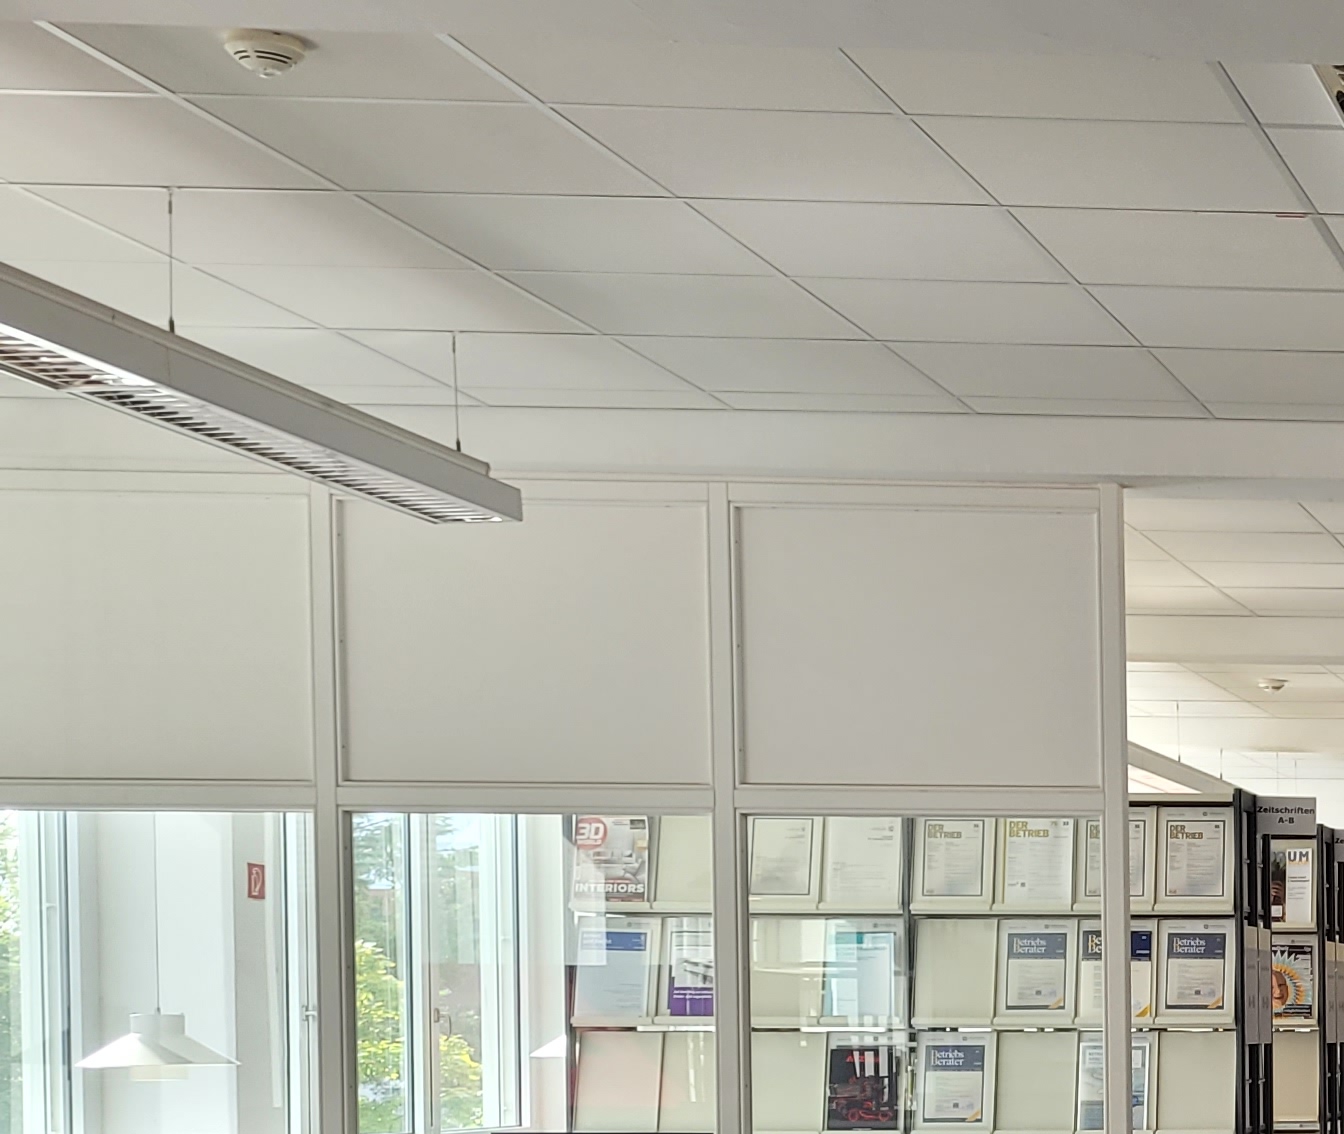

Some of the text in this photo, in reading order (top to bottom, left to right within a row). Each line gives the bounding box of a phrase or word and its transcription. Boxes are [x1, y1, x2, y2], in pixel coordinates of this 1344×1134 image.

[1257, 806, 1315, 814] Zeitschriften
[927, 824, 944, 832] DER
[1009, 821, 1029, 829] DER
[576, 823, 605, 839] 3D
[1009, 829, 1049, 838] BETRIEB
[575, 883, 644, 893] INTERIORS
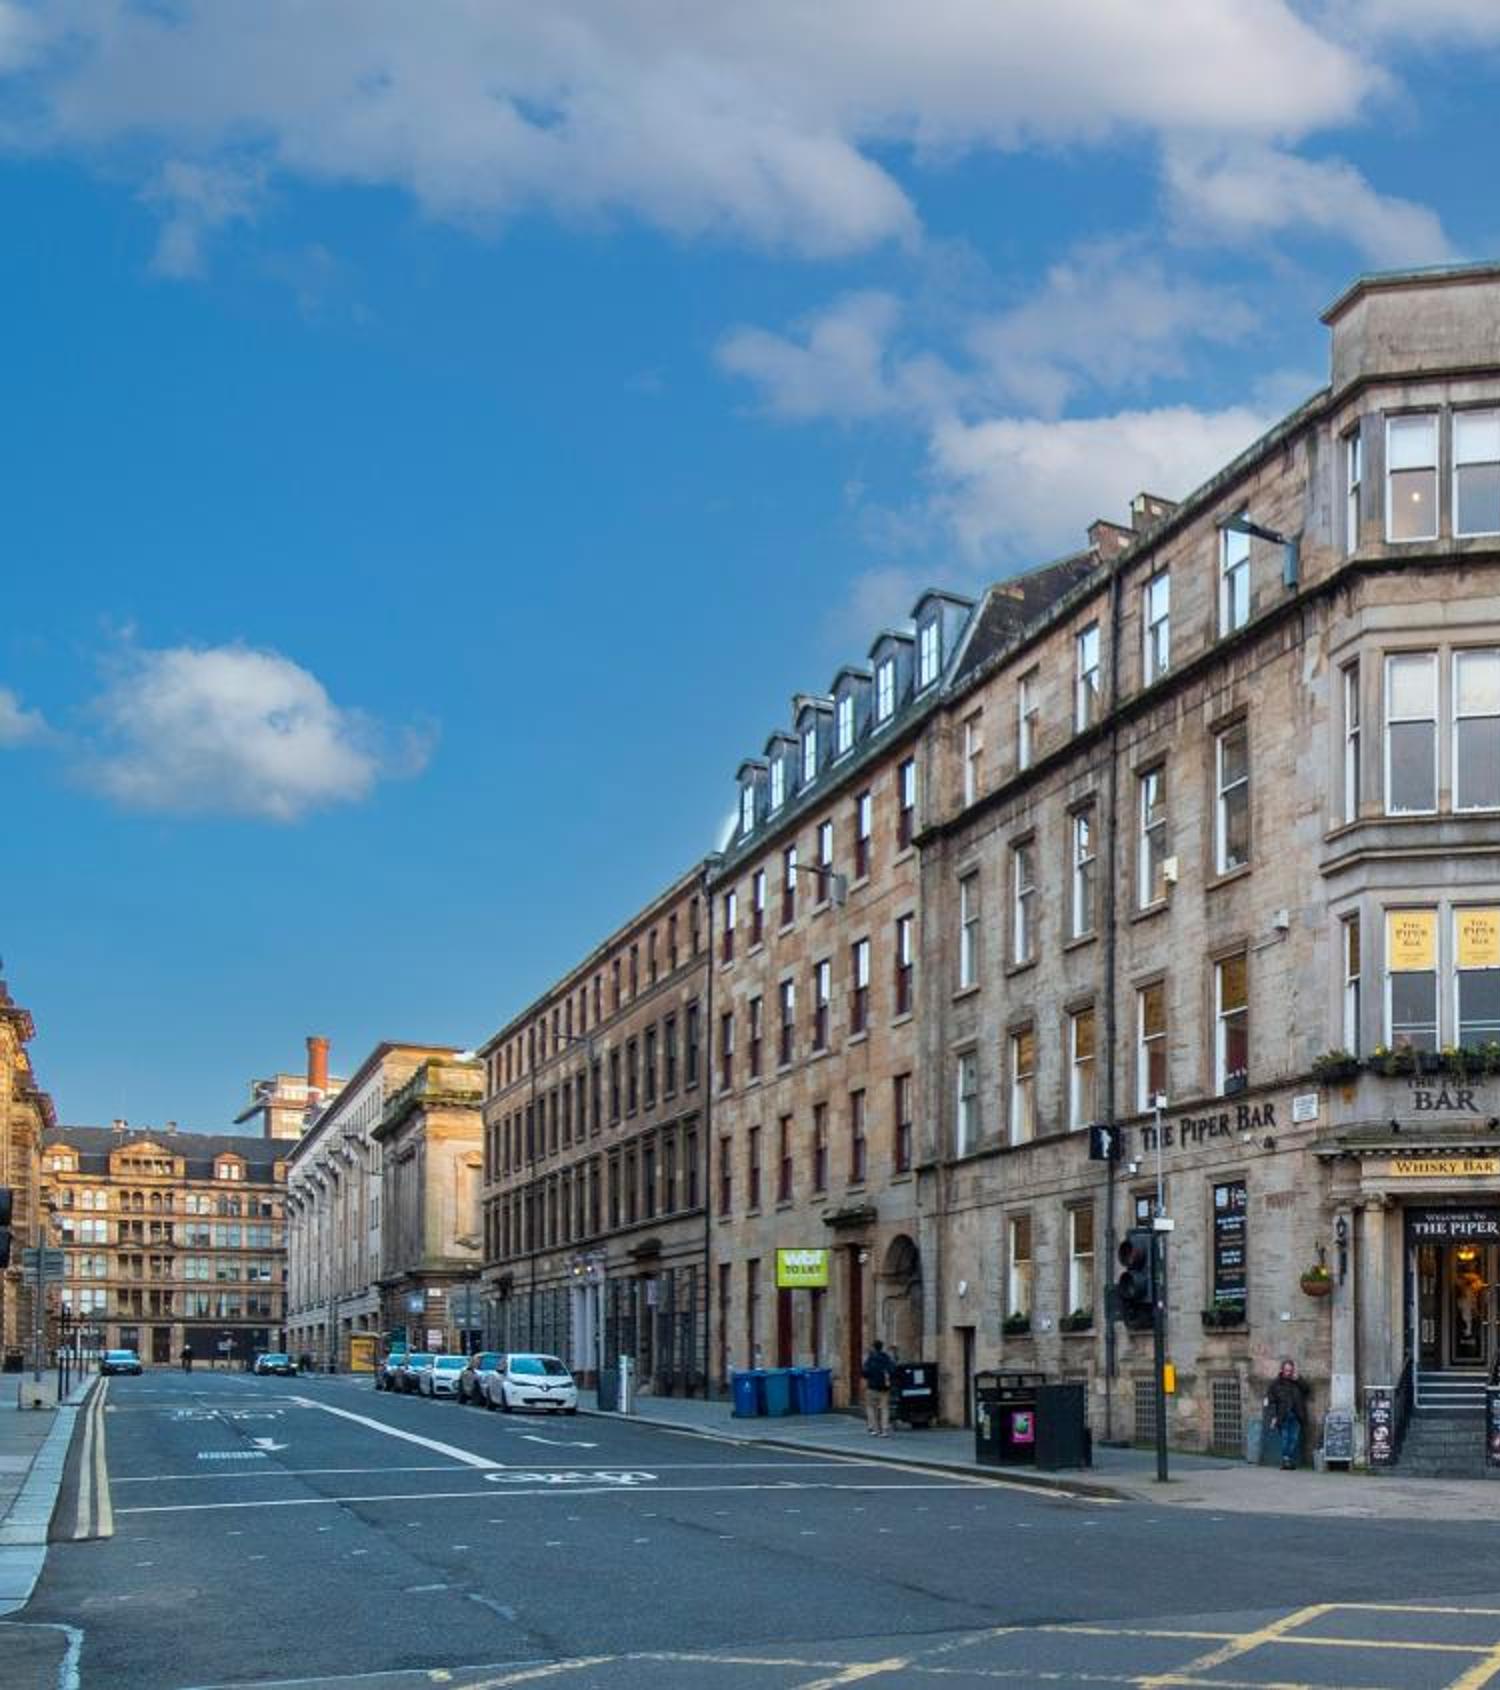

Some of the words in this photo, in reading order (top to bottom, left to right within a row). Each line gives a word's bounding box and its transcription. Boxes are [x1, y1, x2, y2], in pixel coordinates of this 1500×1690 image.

·····

#### [Exercise requirements]
The whole listing must be transcribed exactly. No pictures belong in the copy.

#### [Response box]
Some of the text in this photo, in reading order (top to bottom, left to right within a row). Each line gives the bounding box of a phrase or word and its transcription. Boxes are [x1, y1, x2, y2], in pixel coordinates of this 1344×1134 image.

[1257, 806, 1315, 814] Zeitschriften
[927, 824, 944, 832] DER
[1009, 821, 1029, 829] DER
[576, 823, 605, 839] 3D
[1009, 829, 1049, 838] BETRIEB
[575, 883, 644, 893] INTERIORS

Some of the words in this photo, in reading order (top to bottom, left to right within a row). Each line gives a word's bounding box and its transcription. Boxes are [x1, y1, x2, y2], in pixel coordinates of this 1500×1690 image.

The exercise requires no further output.